→ Task description
Only the words of the entries are wanted, repeated exactly and without images.

→ Material for the task
□ □ □ □ □ □ □
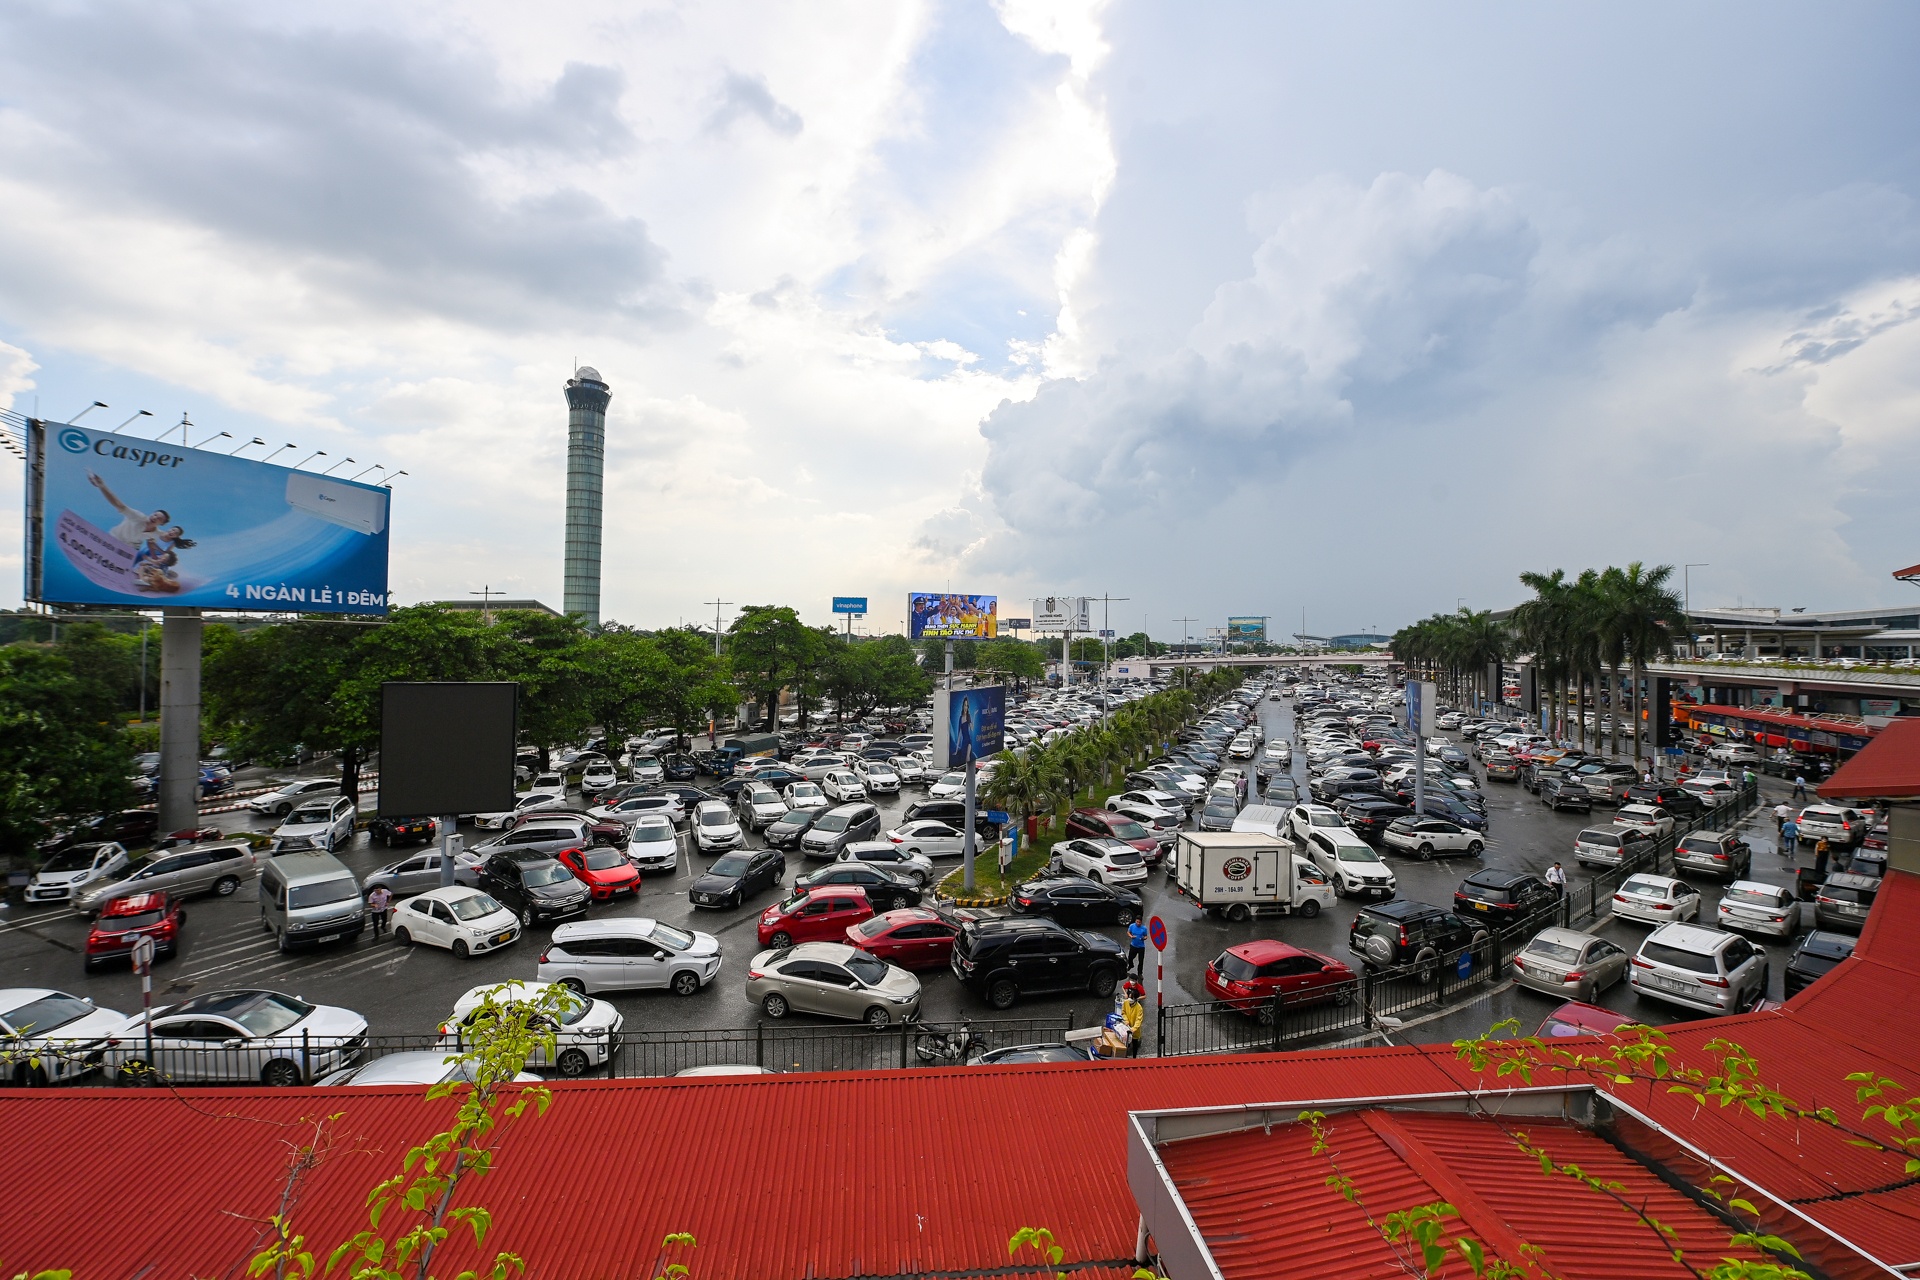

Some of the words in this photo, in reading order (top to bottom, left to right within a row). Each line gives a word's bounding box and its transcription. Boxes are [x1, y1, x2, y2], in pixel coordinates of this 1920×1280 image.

[93, 438, 184, 468] Casper
[226, 583, 240, 598] 4
[246, 583, 305, 602] NGÀN
[311, 585, 332, 603] LẺ
[336, 591, 343, 604] 1
[347, 589, 384, 607] ĐÊM
[1225, 858, 1250, 869] HIGHLANDS
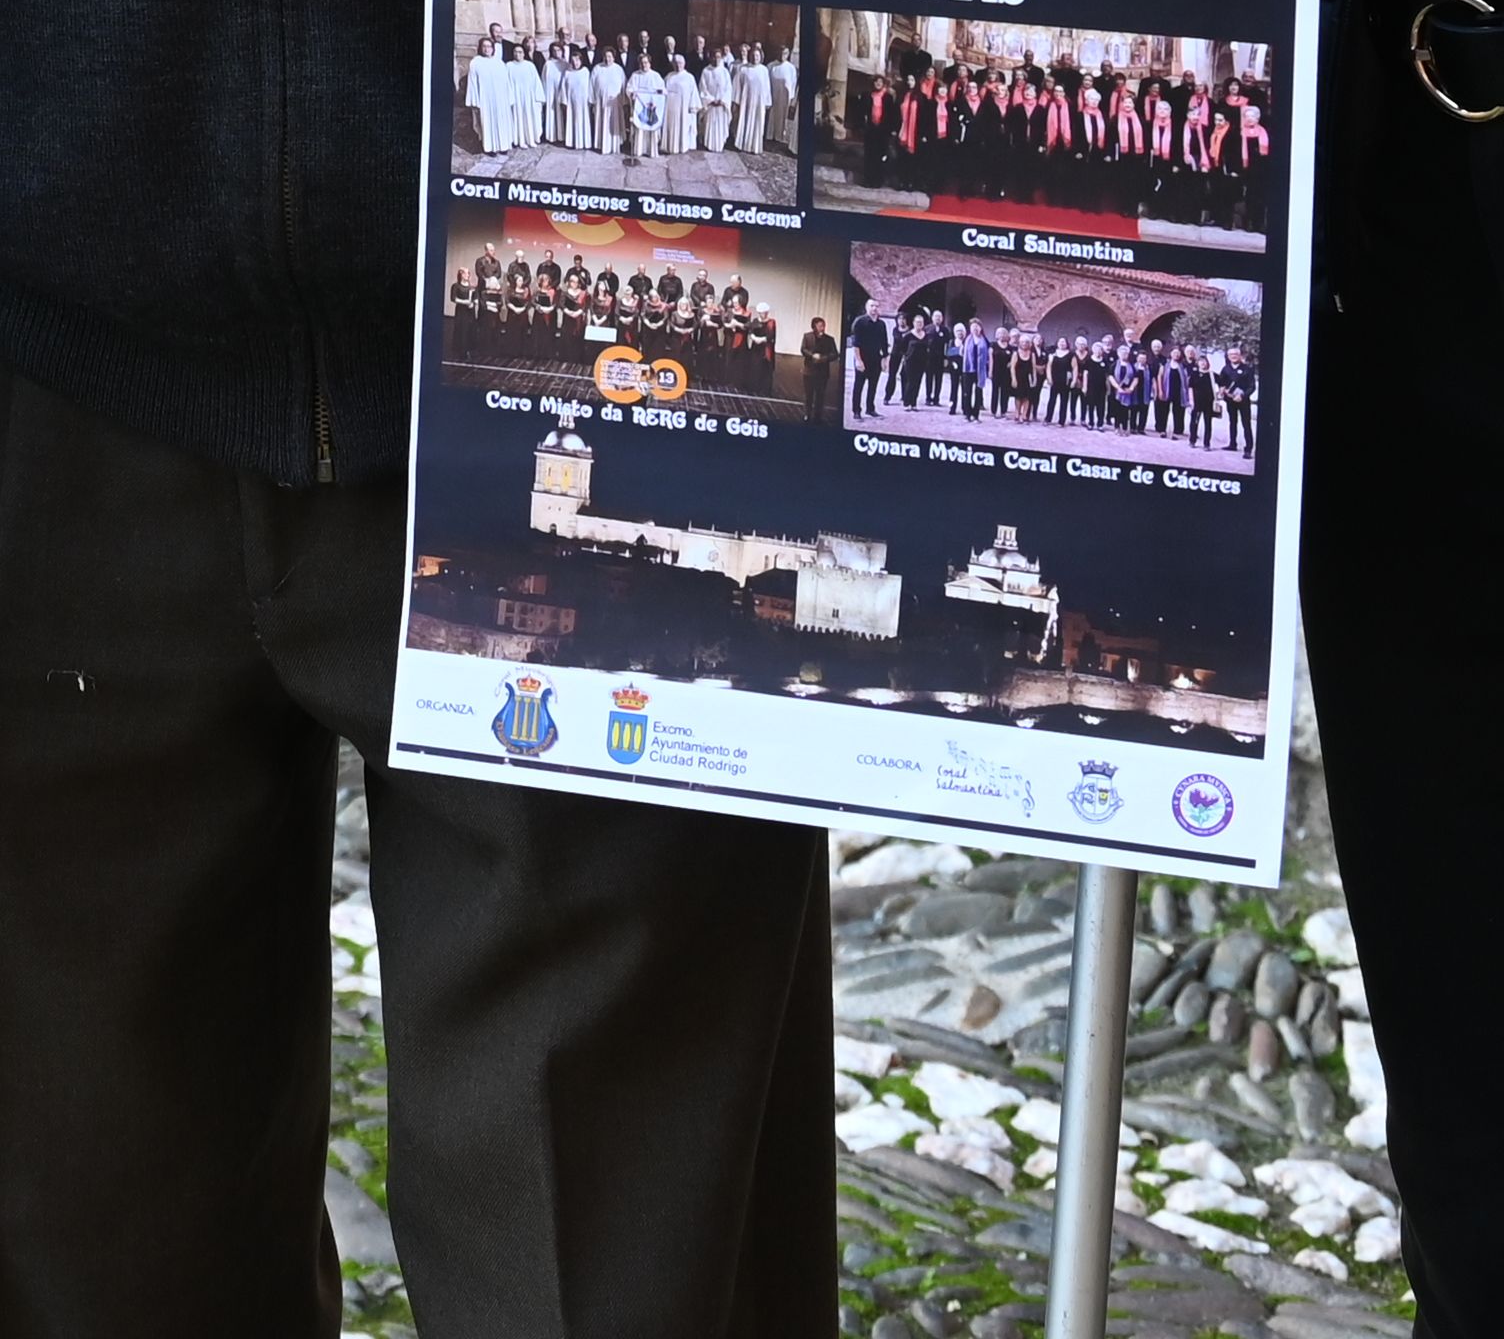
□ □ □ □ □ □ □
→ Task response
Some of the words in this photo, in reading order (top to bottom, left to right within a row). Each line gives a word's bounding box and its transcription. Boxes are [x1, y1, x2, y2], in pixel coordinates of this 1920×1280 image.

[93, 438, 184, 468] Casper
[226, 583, 240, 598] 4
[246, 583, 305, 602] NGÀN
[311, 585, 332, 603] LẺ
[336, 591, 343, 604] 1
[347, 589, 384, 607] ĐÊM
[1225, 858, 1250, 869] HIGHLANDS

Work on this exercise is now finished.